At the age of 5, I won first place in my elementary school’s talent show, singing “Jeremiah Was a Bullfrog.” Ever since then I wanted to be a singer. I tried out for Opryland at age 15 – so far this dream has not caught fire…
What is your favorite fairy tale and why?
The Emperor’s New Clothes is my current favorite because it speaks to our American culture’s desire to fit in and be accepted no matter what the price. I firmly believe many Americans are exhausted by our culture and dissatisfied with the unrealistic expectations created by changes in our culture. I feel like “busy-ness” is robbing us of the joy and peace we could enjoy.
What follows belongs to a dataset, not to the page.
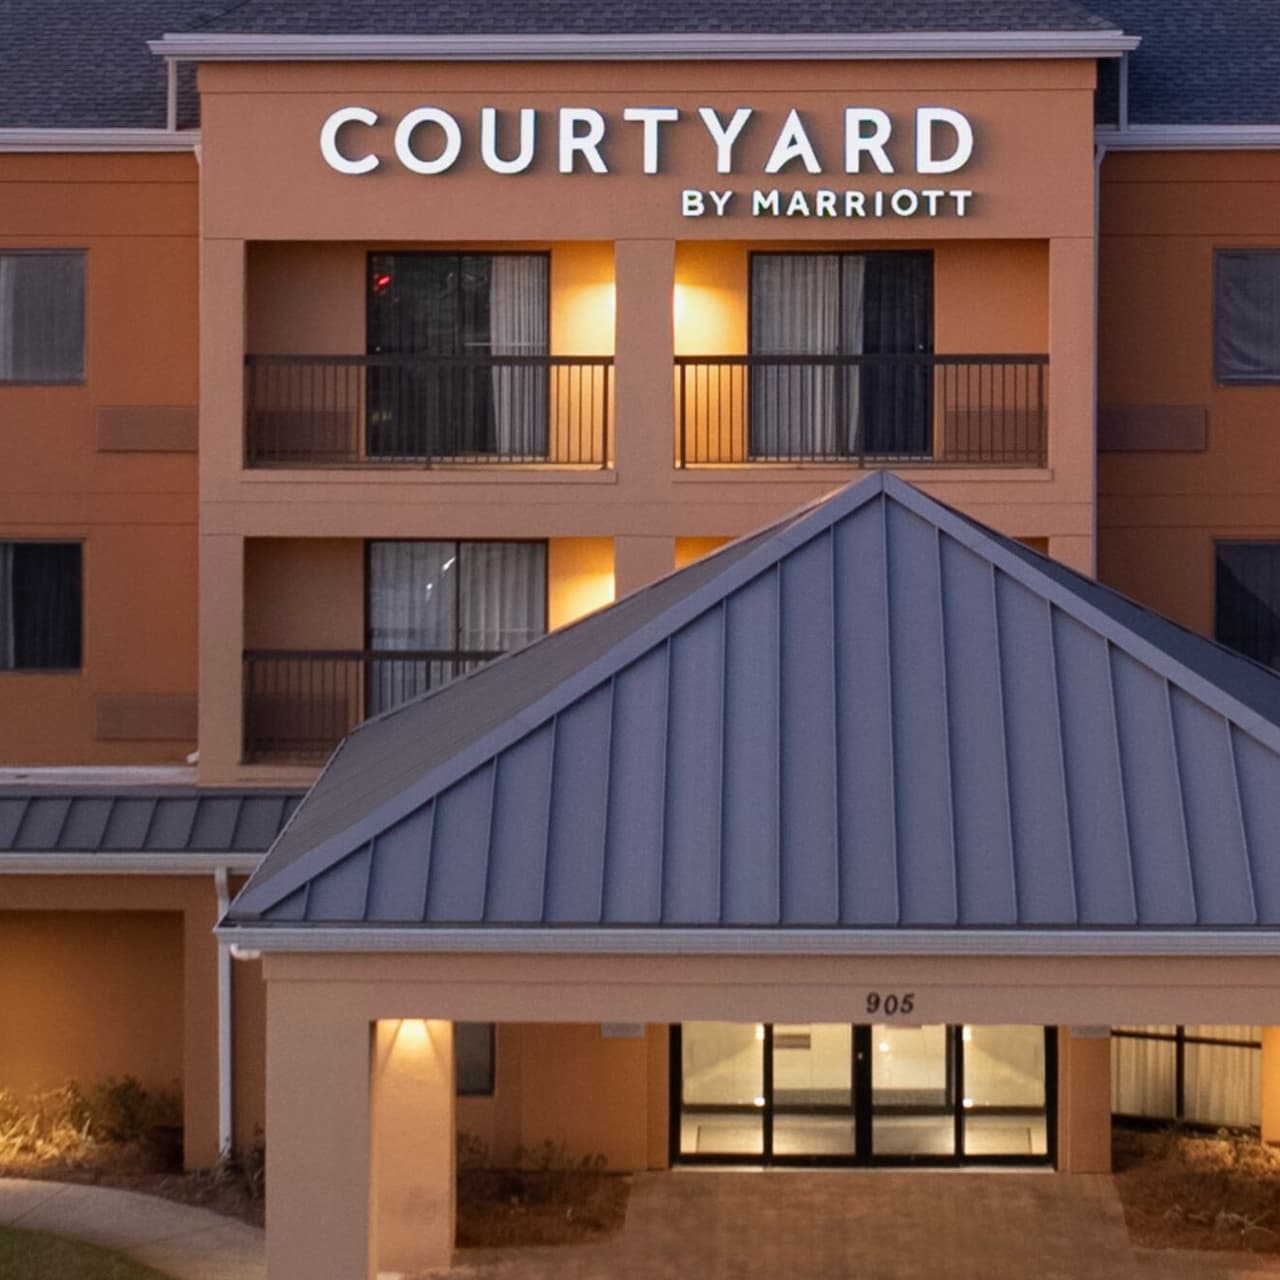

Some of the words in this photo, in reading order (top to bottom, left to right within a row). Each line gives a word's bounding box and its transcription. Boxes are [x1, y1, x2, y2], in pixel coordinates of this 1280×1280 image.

[319, 106, 974, 175] COURTYARD
[681, 189, 734, 218] BY
[751, 188, 973, 218] MARRIOTT
[866, 991, 915, 1016] 905
Just like the emperor who was always striving for the latest and greatest, we too, move forward at a frenzied pace, thereby missing the greatest blessings of all.
It is the night of the big ball. The one you are destined to marry is among the crowd, so you’ve dressed your best. Describe your outfit.
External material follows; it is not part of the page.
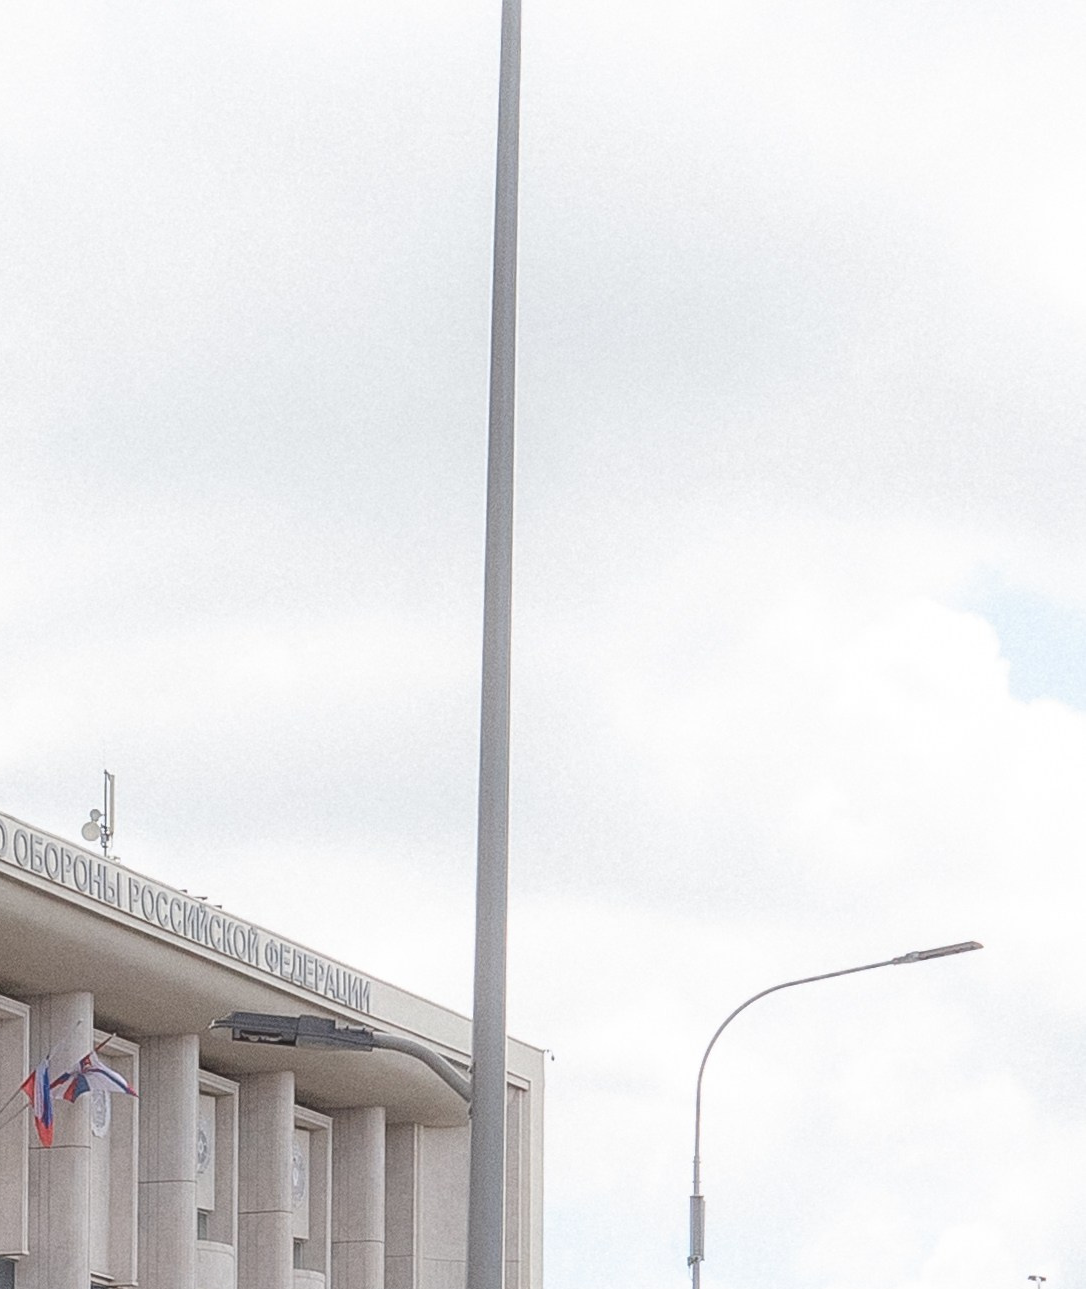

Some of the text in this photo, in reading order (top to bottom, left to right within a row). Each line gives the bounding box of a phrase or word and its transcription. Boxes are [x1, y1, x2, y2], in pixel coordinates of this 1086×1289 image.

[14, 828, 121, 908] ОБОРОНЫ
[128, 876, 259, 967] РОССИЙСКОЙ
[264, 938, 371, 1014] ФЕДЕРАЦИИ
I’m wearing a v-necked white tee, not too long but long enough, and faded jeans with brown and black snakeskin clogs. Yet near my collarbone is a tiny, jeweled frog pin with garnet eyes given to me by my grandmother. This is the way my prince will know it’s me.
Your life has been selected to be featured in an upcoming fairy tale style movie. What is the title and premise?
“Elizabeth in Boots”
A 40-something mother of 3 finds a pair of rare boots worn by the Dred Pirate Robert in a thrift store, has them authenticated by a local historian and is able to sell them on Ebay for $120,000.
You need to be rescued. Where are you and what is going on around you? Describe the scene as your hero approaches.
My hero opens the kitchen door, waltzes across the mud-encrusted tile with magic marker lines deeply embedded in the unsealed grout. Three children with blue magic marker slathered over their faces dance about the kitchen, their hair slicked into spikes with excessively-expensive Aveeda hair mousse. “We don’t like asparagus. We don’t like asparagus. We don’t like asparagus. Shoot the bad asparagus!” these warriors chant over and over and over.
I lie in a heap on the floor, my head covered in several soiled linen dishtowels—gifts from my mother-in-law to be cherished, ironed and used when hand-washing fine china. If I ever get to a point where I am able to actually use fine china, I guess I’ll thrill to these linen clothes; now I simply use them to wipe up smashed grapes and spilled apple juice.
My hero whisks me up from the dried Cheerio crumbs and embedded craisins, carries me to the van where he takes me away to a mountain top hike…complete solitude and silence…where I can actually think…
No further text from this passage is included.